Грудь его стала суха, пуста, как смятый бумажный лист. Где-то далеко проплыл Сердоболь: солнце по гребням гор. Неужели он мячиком прокатился по его улицам? Ходил, умилялся, пил его воду, ел его хлеб, но не смог за него побороться… А взрытый бомбами и плугами район так щедро, доверчиво открывал ему себя! Для него, Павла, ничего не жалели. Город, потеснившись, дал ему четырнадцать метров жилья. Резкий, грубый, несправедливый Синекаев, руки которого были с детства в мозолях, не скупился на рукопожатия. Барабанов, похожий на школьника-футболиста, негодуя, но еще веря, привел к нему свою сестру Тамару. «А ведь жизнь-то для героев!» — сказал Покрывайло, уныло кося глаза. «Жизнь для героев. Для героев», — застучало в висках у Павла. Это значит: для Гвоздева, для Глеба, для Евы, для Тамары. Что с тобой произошло, лейтенант Теплов?

Ему захотелось поднять ладонь и провести ею по глазам. Но он не шевелился. Он почти знал, что Следнев сейчас повернется и уйдет. Он сделает это молча или все-таки вскользь, торопливо «поручается», бросит из жалости как подачку на прощание: «Бывай».

— И знаешь? — сказал вдруг Павел Следневу. — Иногда мне хочется послать все к черту и самого себя тоже! И в отпуск, в командировку или еще как поехать к ней туда, такая у меня тоска! А если я поеду… это ведь уже все… если только не поздно…

Он поднялся, неровно дыша, глядя в сторону и как-то странно, не то жалостливо, не то мечтательно, разведя руками, подошел к окну. По дороге он, не видя, толкнул стул.
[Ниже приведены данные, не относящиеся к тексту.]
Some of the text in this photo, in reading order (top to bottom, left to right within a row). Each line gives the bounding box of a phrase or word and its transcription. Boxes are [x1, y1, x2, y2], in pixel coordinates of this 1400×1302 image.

Даже в этот момент у него было все то же двойственное выражение лица: удрученное, ожесточившееся, требующее ответа или приговора и — неожиданно счастливое, словно незагашенный отблеск тех дней все еще продолжал освещать его существо наперекор всему.

«Если бы этого не было, то зачем тогда и жить!» — прозвучало в ушах Константина Матвеевича с колокольной силой. Он смотрел несколько секунд на широкую спину, обтянутую серым пиджаком, на черноволосый затылок своего друга и с той беспощадностью, которая бывает только в большие минуты, понимал, что он сейчас не снисходительный слушатель, не безупречный судья, а живой участник хлынувшей на него, как ливень, чужой драмы. Главное же, ему надо было решить свое собственное отношение к Павлу.
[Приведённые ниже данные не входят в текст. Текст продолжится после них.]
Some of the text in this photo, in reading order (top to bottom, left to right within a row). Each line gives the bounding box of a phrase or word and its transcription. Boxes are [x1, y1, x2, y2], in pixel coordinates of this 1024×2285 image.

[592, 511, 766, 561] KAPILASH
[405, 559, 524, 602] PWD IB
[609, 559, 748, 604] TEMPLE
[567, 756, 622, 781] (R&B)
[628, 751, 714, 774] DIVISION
Их дружба прошла закалку огнем. Это была боевая дружба двух товарищей по оружию. Но была ли она вместе с тем привязанностью или связью сердец? Как ни кажутся нам эти слова напыщенными, но они ведь существуют! А Константин Матвеевич очень хорошо чувствовал сейчас свое сердце; оно стучало не совсем ровно. Он был полон тем коротким душевным перенапряжением, когда, как при вспышке огня, видишь всего себя на несколько лет назад и на несколько лет вперед.

И вот он, Следнев, обремененный делами огромной стройки, за которую отвечает перед партией, отягощенный и своей собственной жизнью в придачу, с ее неизвестными никому радостями и печалями, — он должен сейчас решить вопрос: друг ли ему тот человек у окна?
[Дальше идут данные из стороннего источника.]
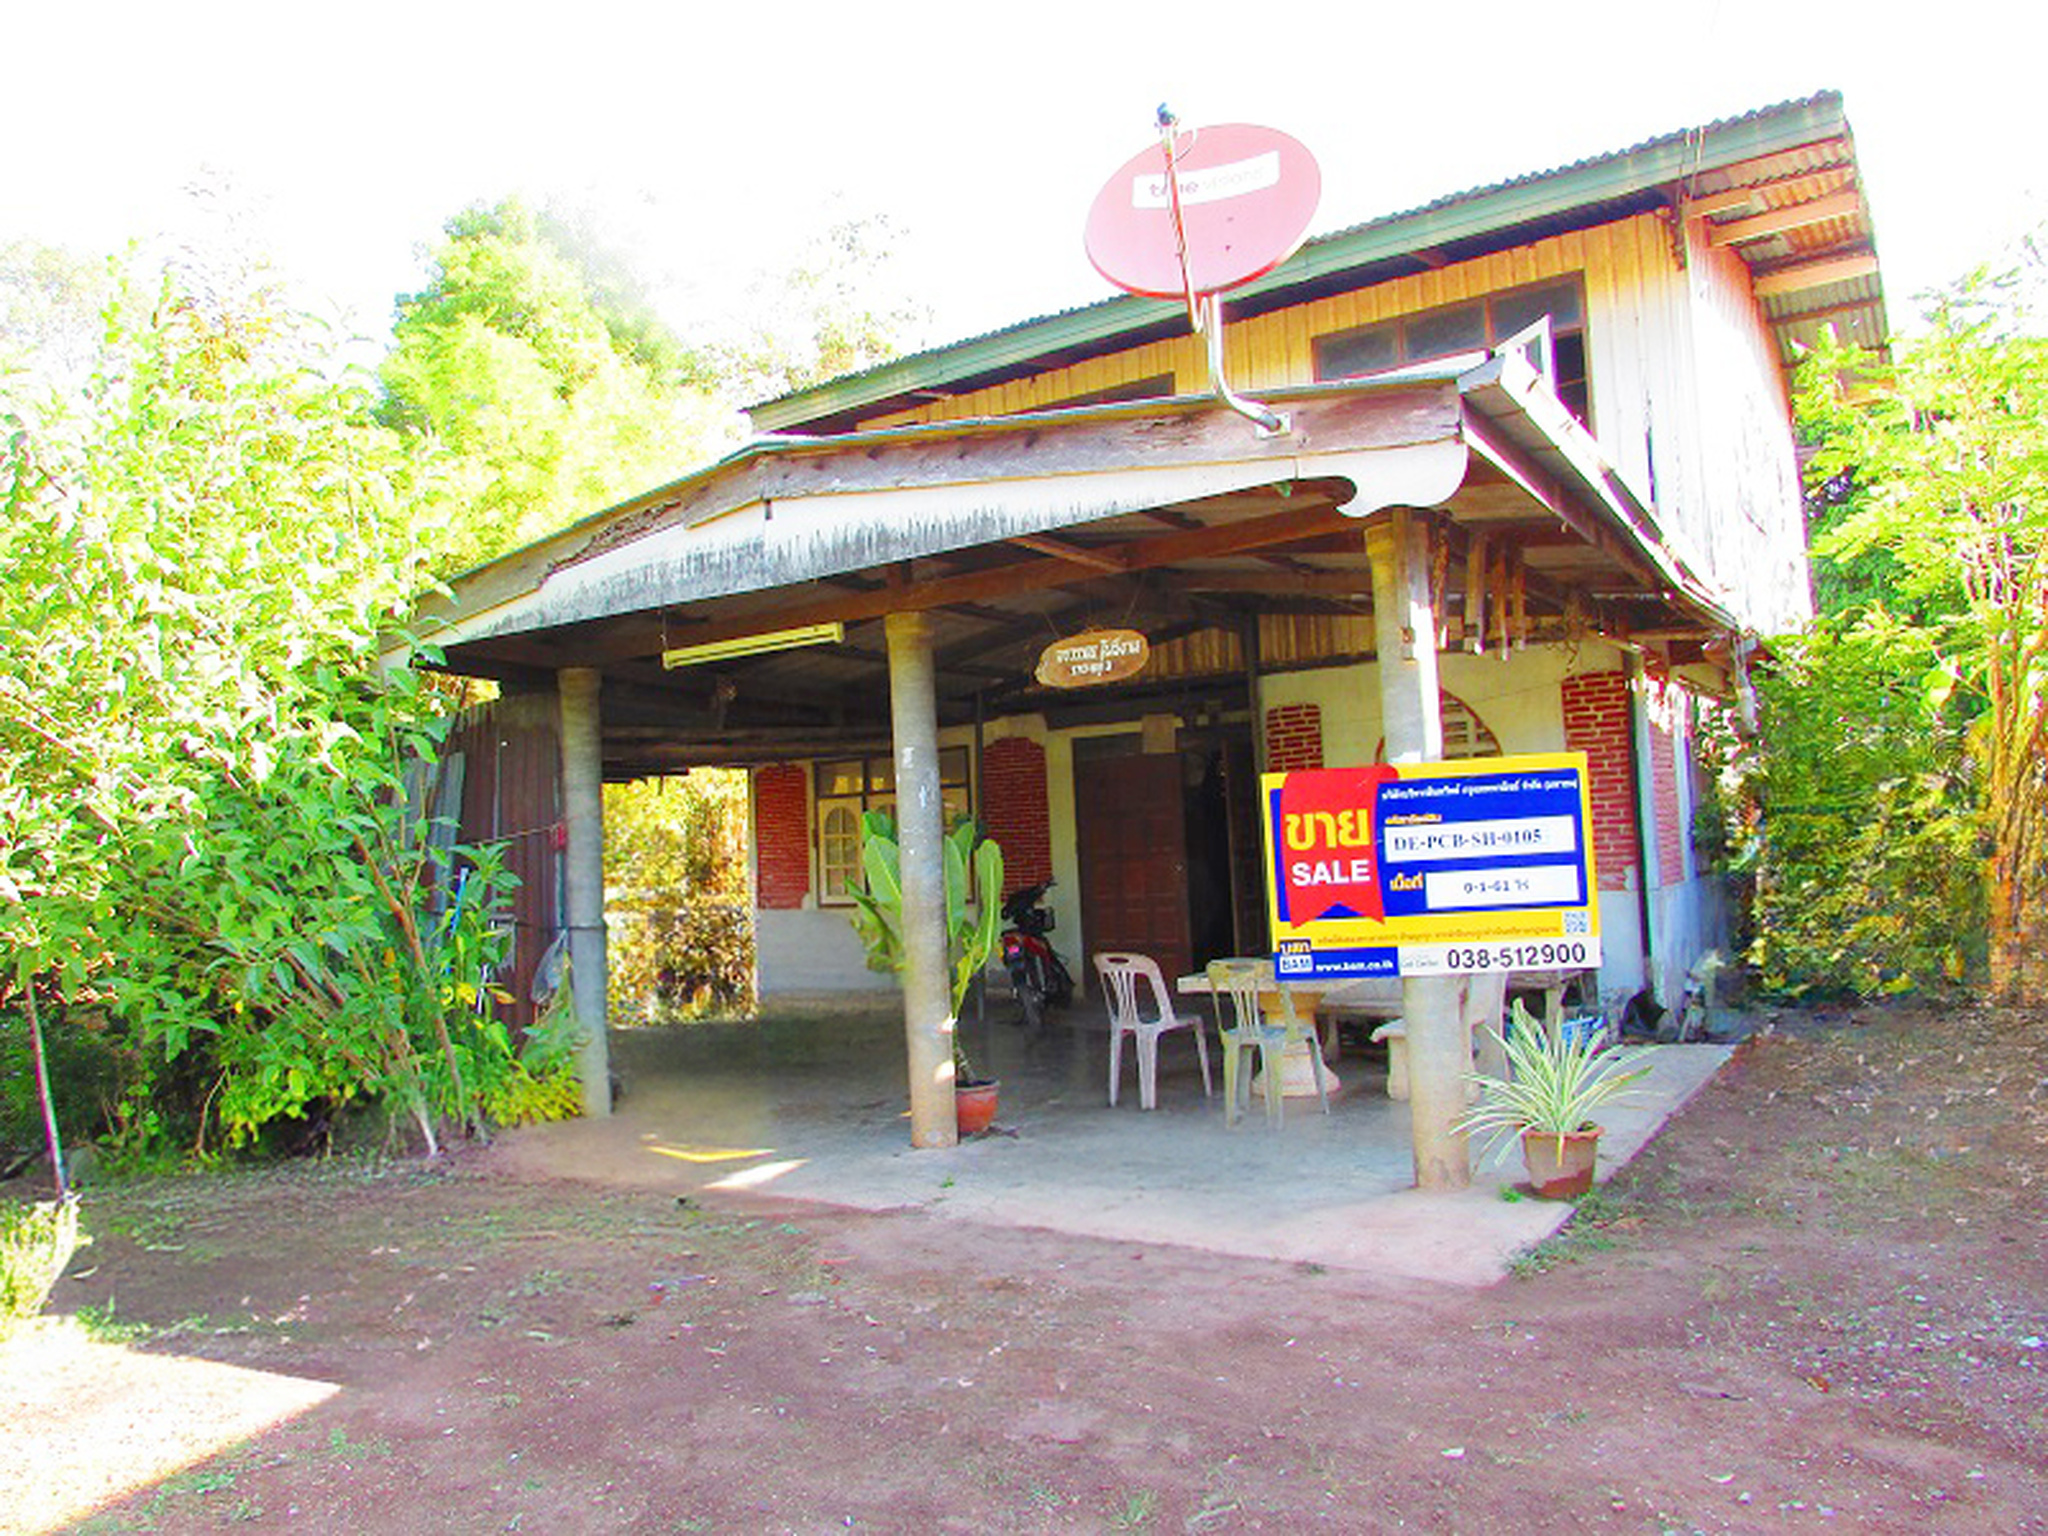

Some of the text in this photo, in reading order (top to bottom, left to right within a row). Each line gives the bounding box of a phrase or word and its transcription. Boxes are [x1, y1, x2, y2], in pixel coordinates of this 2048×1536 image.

[1285, 809, 1370, 851] ขาย
[1394, 828, 1543, 850] DE-PCB-SH-0105
[1292, 859, 1371, 886] SALE
[1282, 958, 1311, 970] BAM
[1447, 943, 1586, 970] 038-512900
Друг или просто приятель, просто спутник по части пути, просто добрый малый, с которым выпьешь от души при случае стаканчик водки?

Если приятель — что ж, тогда он посетует: «Как же ты так, брат? И угораздило же тебя!», а утром уедет в санаторий, который указан в путевке. И весь месяц будет отдыхать без особых угрызений совести.